[Opening SUPPLIED INFORMATION section]

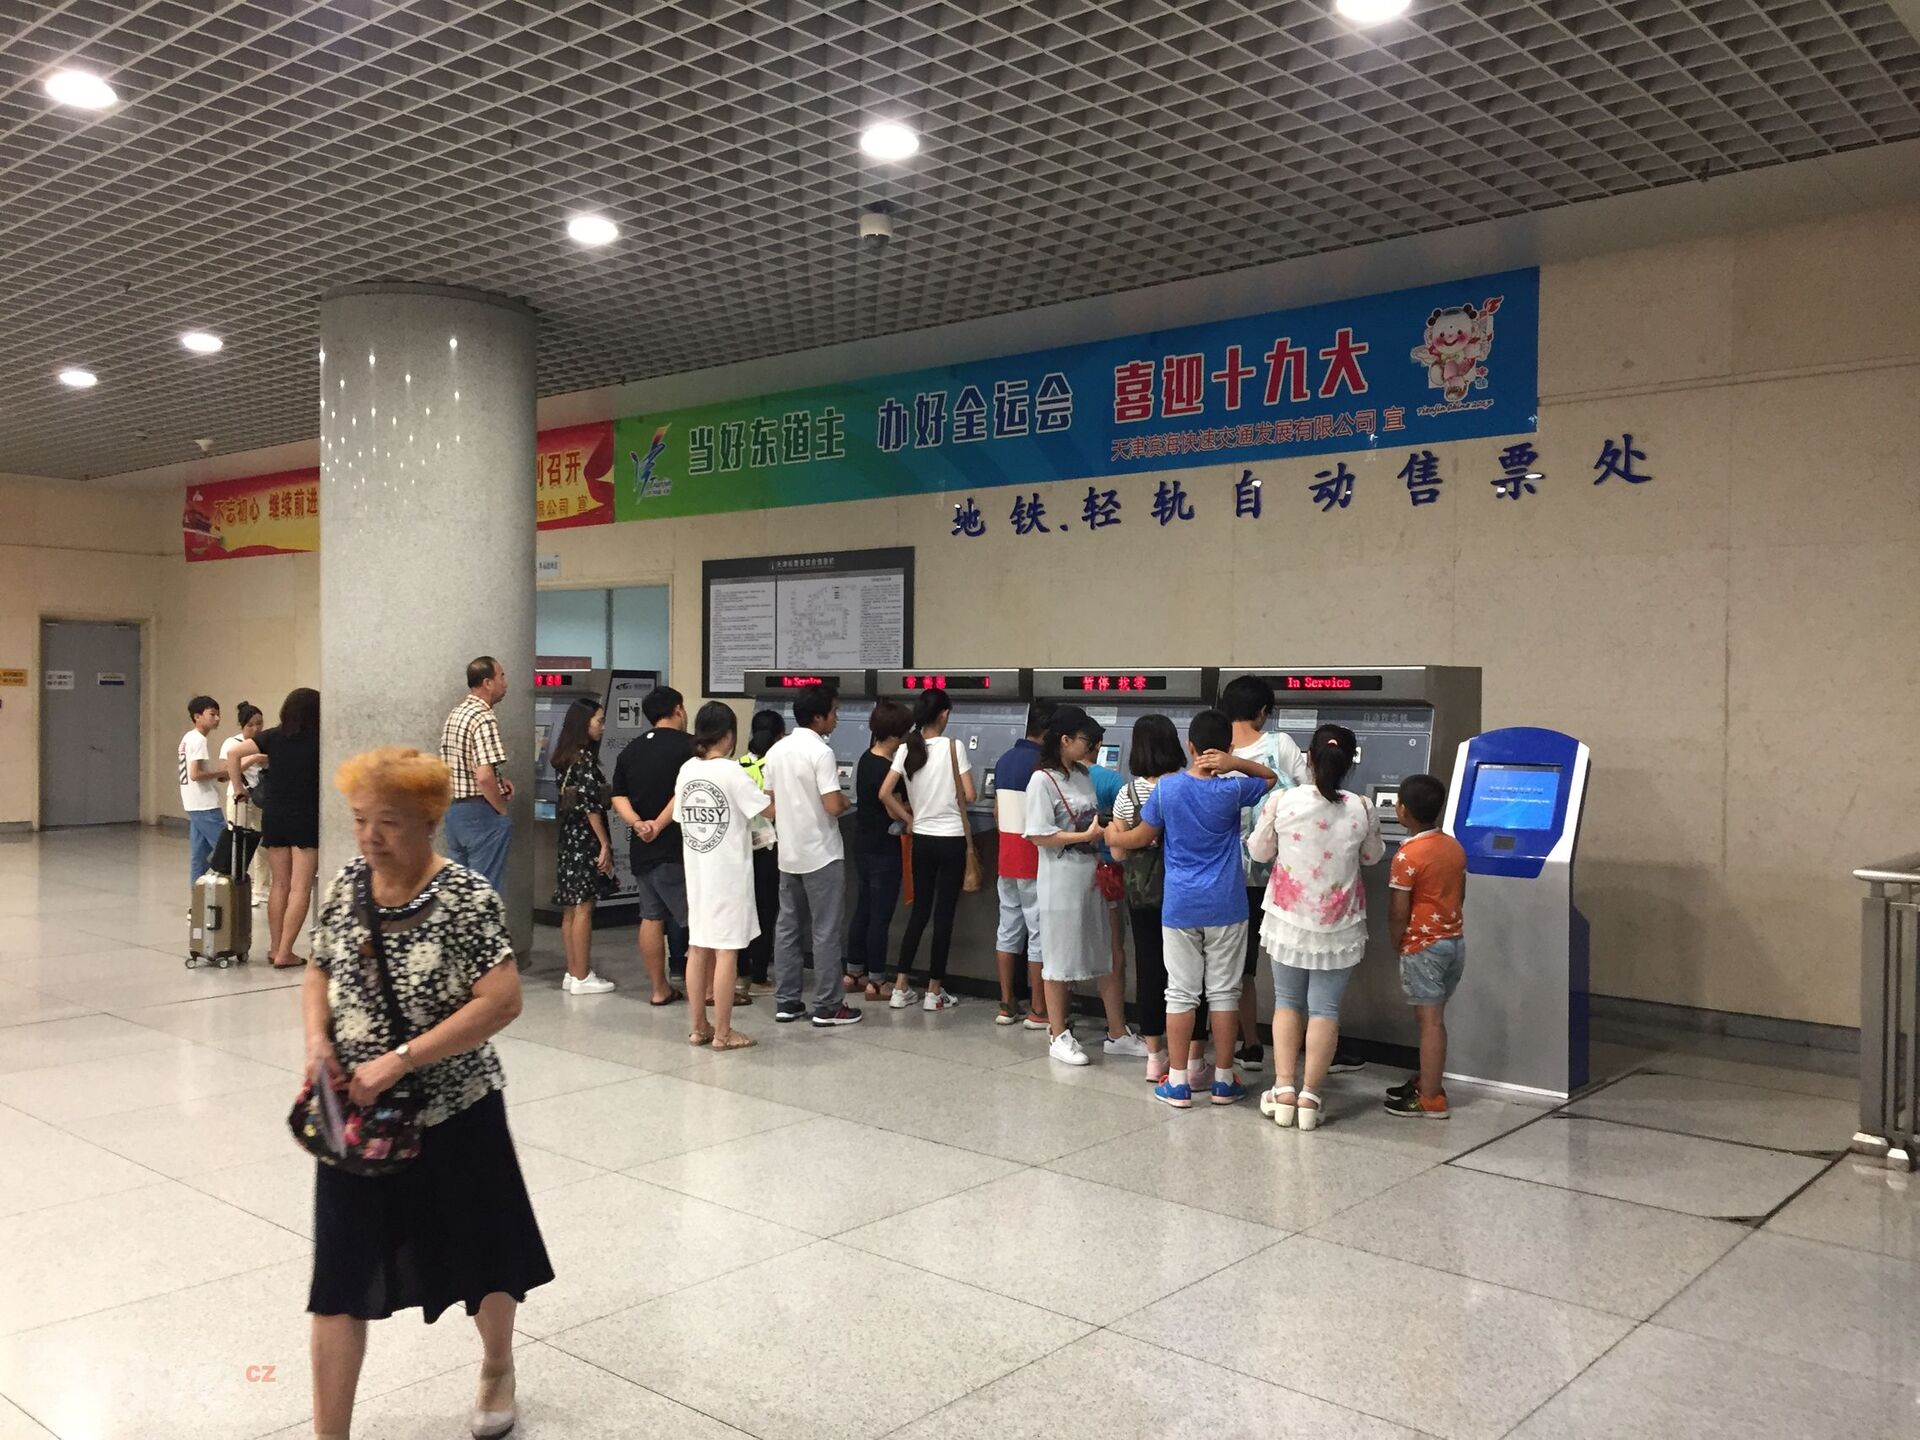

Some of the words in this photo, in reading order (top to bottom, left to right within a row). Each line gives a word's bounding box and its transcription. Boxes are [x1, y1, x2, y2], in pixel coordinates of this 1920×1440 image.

[688, 406, 846, 476] 当好东道主
[876, 371, 1074, 452] 办好全运会
[1113, 327, 1370, 424] 喜迎十九大
[1111, 408, 1377, 461] 天津滨海快速交通发展有限公司
[1382, 405, 1406, 433] 宣
[1287, 677, 1300, 688] In
[1304, 677, 1351, 688] Service

[Closing SUPPLIED INFORMATION section]

PROBLEM DETAILS :: Set the records down again exactly, and omit any picture in them.

TASK RESPONSE ::
Some of the words in this photo, in reading order (top to bottom, left to right within a row). Each line gives a word's bounding box and its transcription. Boxes are [x1, y1, x2, y2], in pixel coordinates of this 1920×1440 image.

[688, 406, 846, 476] 当好东道主
[876, 371, 1074, 452] 办好全运会
[1113, 327, 1370, 424] 喜迎十九大
[1111, 408, 1377, 461] 天津滨海快速交通发展有限公司
[1382, 405, 1406, 433] 宣
[1287, 677, 1300, 688] In
[1304, 677, 1351, 688] Service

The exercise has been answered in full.